# Patchy skin, dark underams during pregnancy!



## bronze_chiqz (Oct 7, 2007)

hi ladies! Ive 3 questions to ask.

Ive a question for all the mothers and pregnant ladies on dark underarms, our coochie area and nape of the neck.Ive noticed that most Caucasians dont face this problem whereas ppl like me (Im an Indian lolz) will see an aobvious changes in those places.During pregnancy, all those area will become soooo dark and just will reduce like 40% after delivery.Some wont change its colour.I wanna know if there's any remedy that i can use in the future so that i can prevent this?

2nd is about strecthmark, For example i saw my cousin sis, who did C section for her kids, has terrible strecthmarks.I dont tink that's a turn on anymore for the hubby lolz...How do you ladies get rid of this?Any earlier prevention?

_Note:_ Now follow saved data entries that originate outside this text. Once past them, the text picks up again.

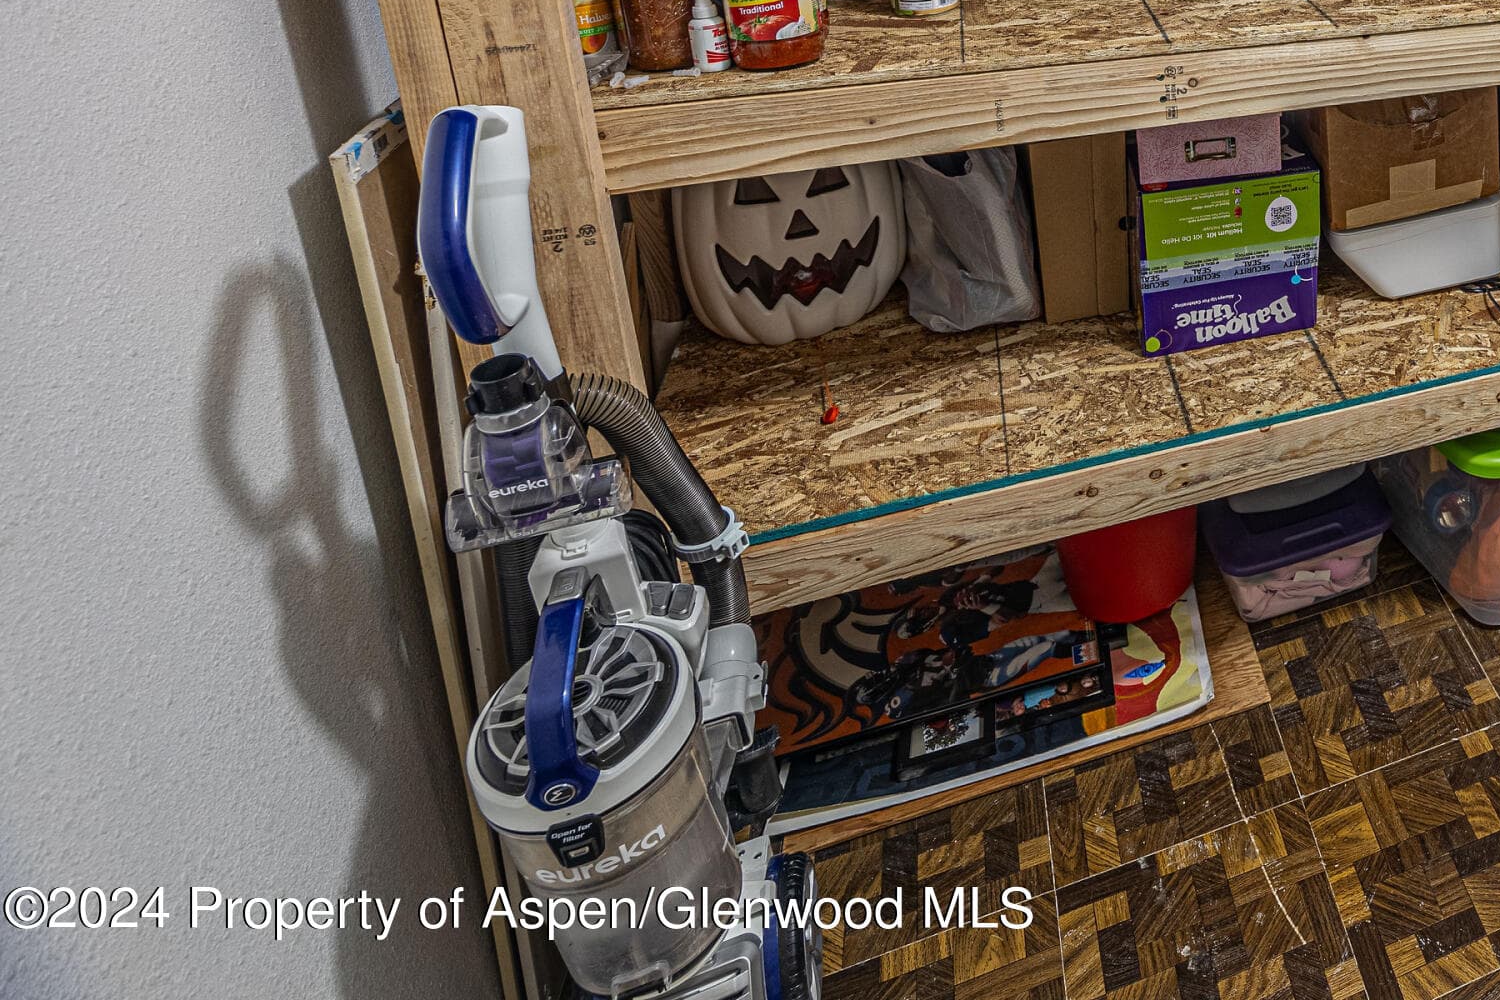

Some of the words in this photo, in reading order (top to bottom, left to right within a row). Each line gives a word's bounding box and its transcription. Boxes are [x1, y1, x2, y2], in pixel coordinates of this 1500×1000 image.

[738, 2, 784, 16] Traditional
[1206, 231, 1217, 239] Kit
[1216, 228, 1243, 237] Helium
[1291, 251, 1311, 260] SEAL
[1242, 258, 1262, 267] SEAL
[1283, 257, 1318, 269] SECURITY
[1191, 266, 1212, 275] SEAL
[1233, 264, 1271, 276] SECURITY
[1182, 273, 1221, 284] SECURITY
[1176, 303, 1235, 328] time
[1195, 295, 1297, 343] Balloon
[488, 477, 549, 499] eureka
[551, 828, 576, 840] Open
[577, 822, 593, 832] for
[562, 833, 586, 844] filter
[535, 823, 666, 884] eureka

3rd one is about weight increasement during pregnancy and after.How to maintain the same weight and reduce weight after delivery if we put on weight?is there any special exercise or special diet that we can follow?

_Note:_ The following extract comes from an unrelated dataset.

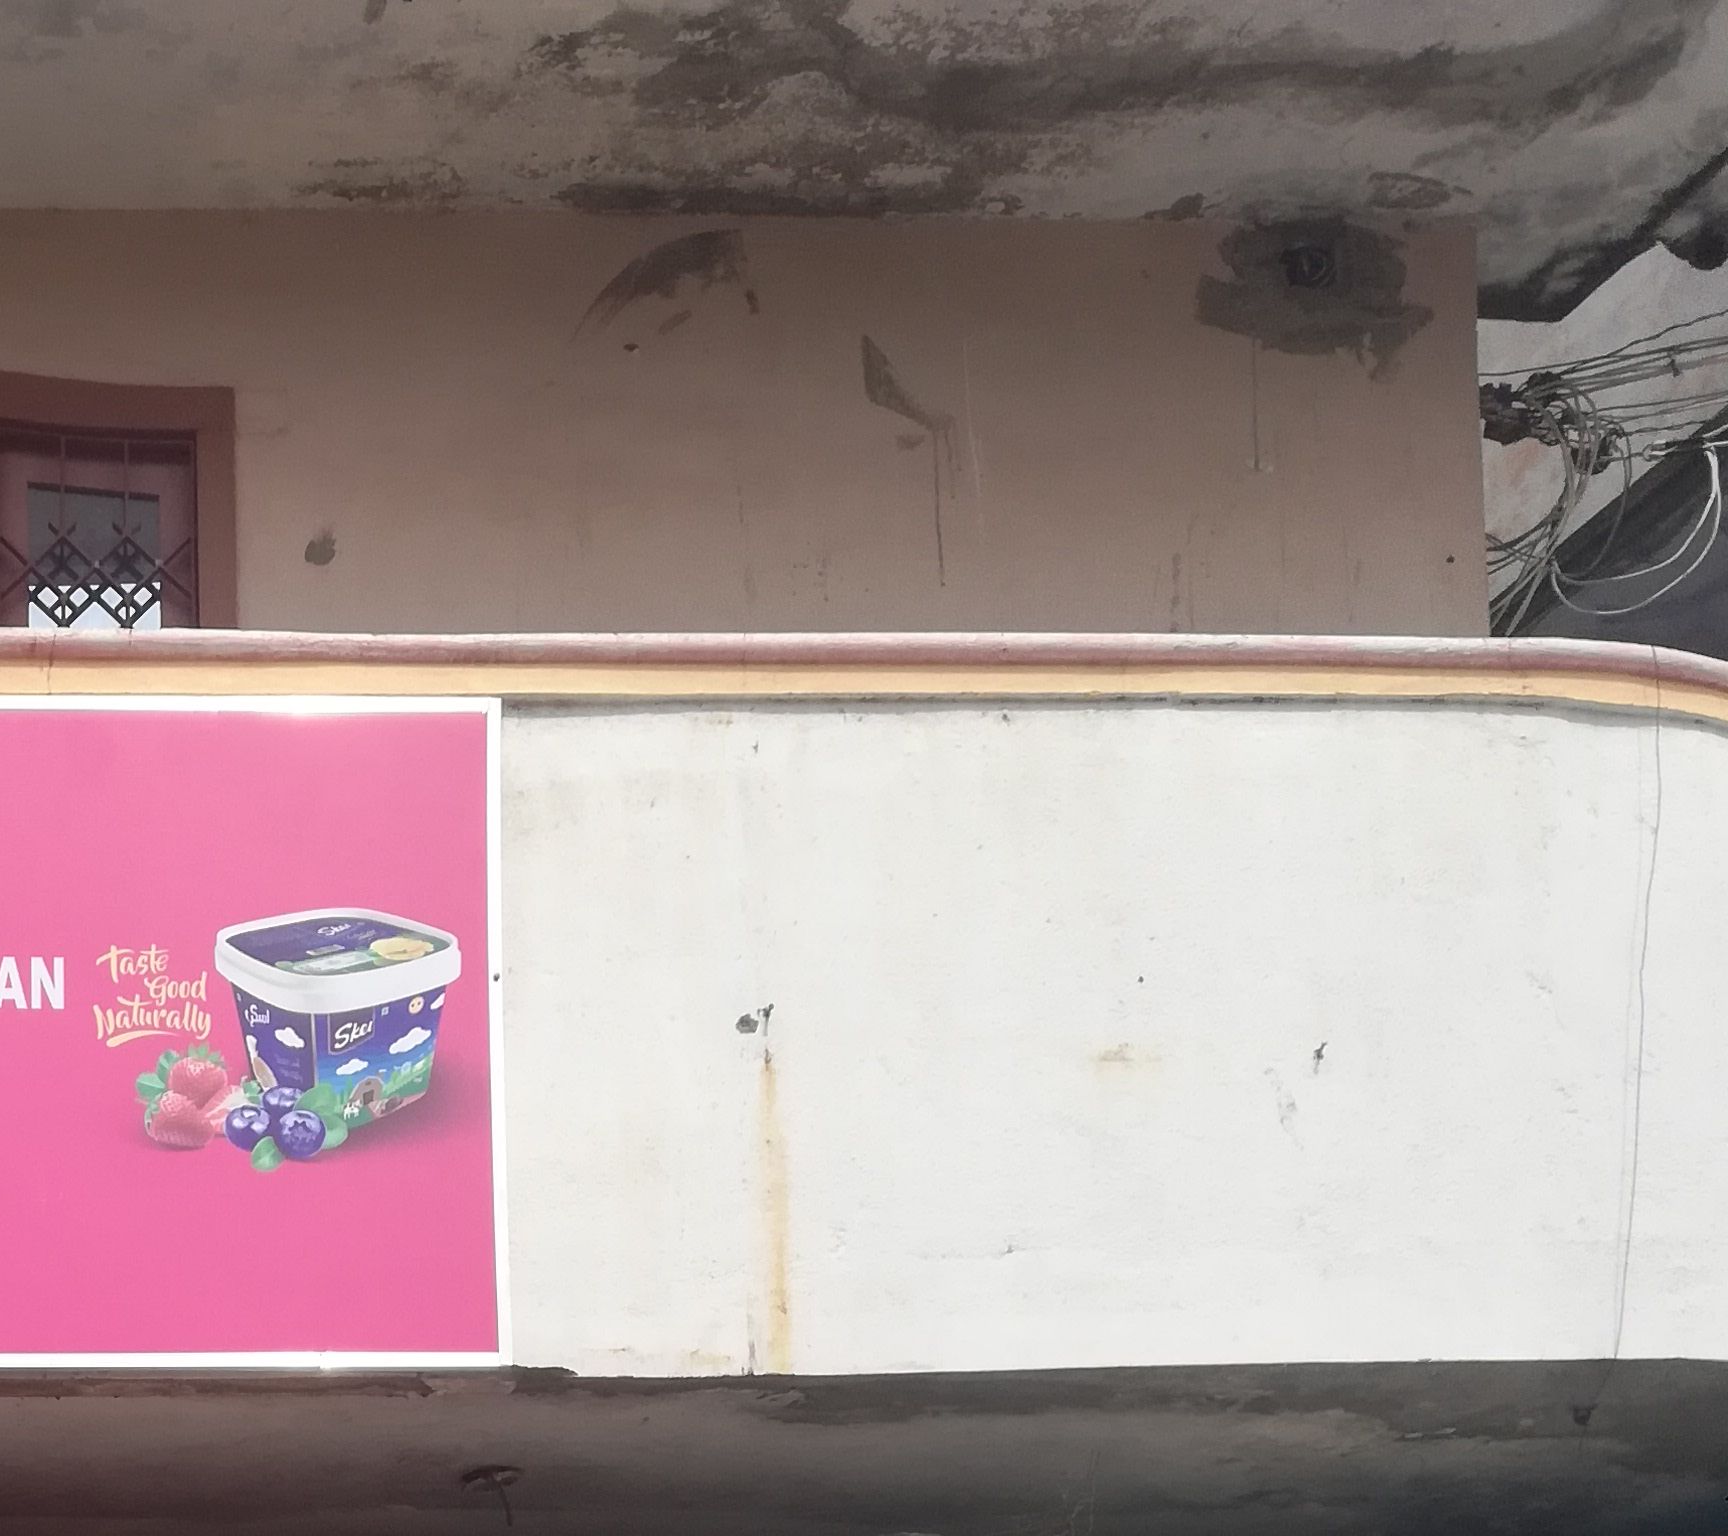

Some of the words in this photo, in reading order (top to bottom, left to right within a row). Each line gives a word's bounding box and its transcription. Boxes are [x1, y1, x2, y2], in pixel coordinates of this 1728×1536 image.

[95, 943, 170, 984] Taste
[143, 970, 208, 1006] Good
[92, 994, 211, 1040] Naturally

Hope to get a different replies on these






thank you in advance ladies!


----------



## Lia (Oct 7, 2007)

Let's see:

1 - Pregnancy makes skin pigmentation go wild on some women and they get what is called melasma - a skin darkening that happens on some areas like the ones you mentioned. Unfortunately , there's no way to predict who's gonna have it. The best method to prevent is using sunblock.

2- Well, like any stretch mark it's from person to person - you may not have it (like myself, i have few stretch marks but my younger sister have a lot) or you may have. People say that skin moisturising is a good prevention - but as far as i know,a good way is not to put on a lot of weight when pregnant; only gain the necessary, so your skin won't stretch more than it needs to.

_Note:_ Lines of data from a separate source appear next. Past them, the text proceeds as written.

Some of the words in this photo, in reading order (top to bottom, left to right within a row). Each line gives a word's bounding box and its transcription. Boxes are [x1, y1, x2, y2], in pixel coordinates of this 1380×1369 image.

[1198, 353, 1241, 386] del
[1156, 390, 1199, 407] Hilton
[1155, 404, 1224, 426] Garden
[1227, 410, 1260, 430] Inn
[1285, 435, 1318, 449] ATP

3- At least on the beginning of post-partum period , you shouldn't do any diet to try to get thinner. While pregnant, follow what your doctor advise (generally a healthy diet) - women don't have to gain more than 10-12kg on a pregnancy - and exercise - exercises on water are great and reduce the stress and the edema caused by pregnancy.

A good way to lose weight is exclusively breastfeeding. Breastfeeding drains a lot from mom's body , so women that breast feed lose weight a lot quicker, at least on the 1st 4-6 months after the baby born;.

I hope that those pieces of info are helpful. Good luck with your pregnancy (present or future)!


----------



## Aprill (Oct 7, 2007)

Originally Posted by *bronze_chiqz* /img/forum/go_quote.gif hi ladies! Ive 3 questions to ask.Ive a question for all the mothers and pregnant ladies on dark underarms, our coochie area and nape of the neck.Ive noticed that most Caucasians dont face this problem whereas ppl like me (Im an Indian lolz) will see an aobvious changes in those places.During pregnancy, all those area will become soooo dark and just will reduce like 40% after delivery.Some wont change its colour.I wanna know if there's any remedy that i can use in the future so that i can prevent this?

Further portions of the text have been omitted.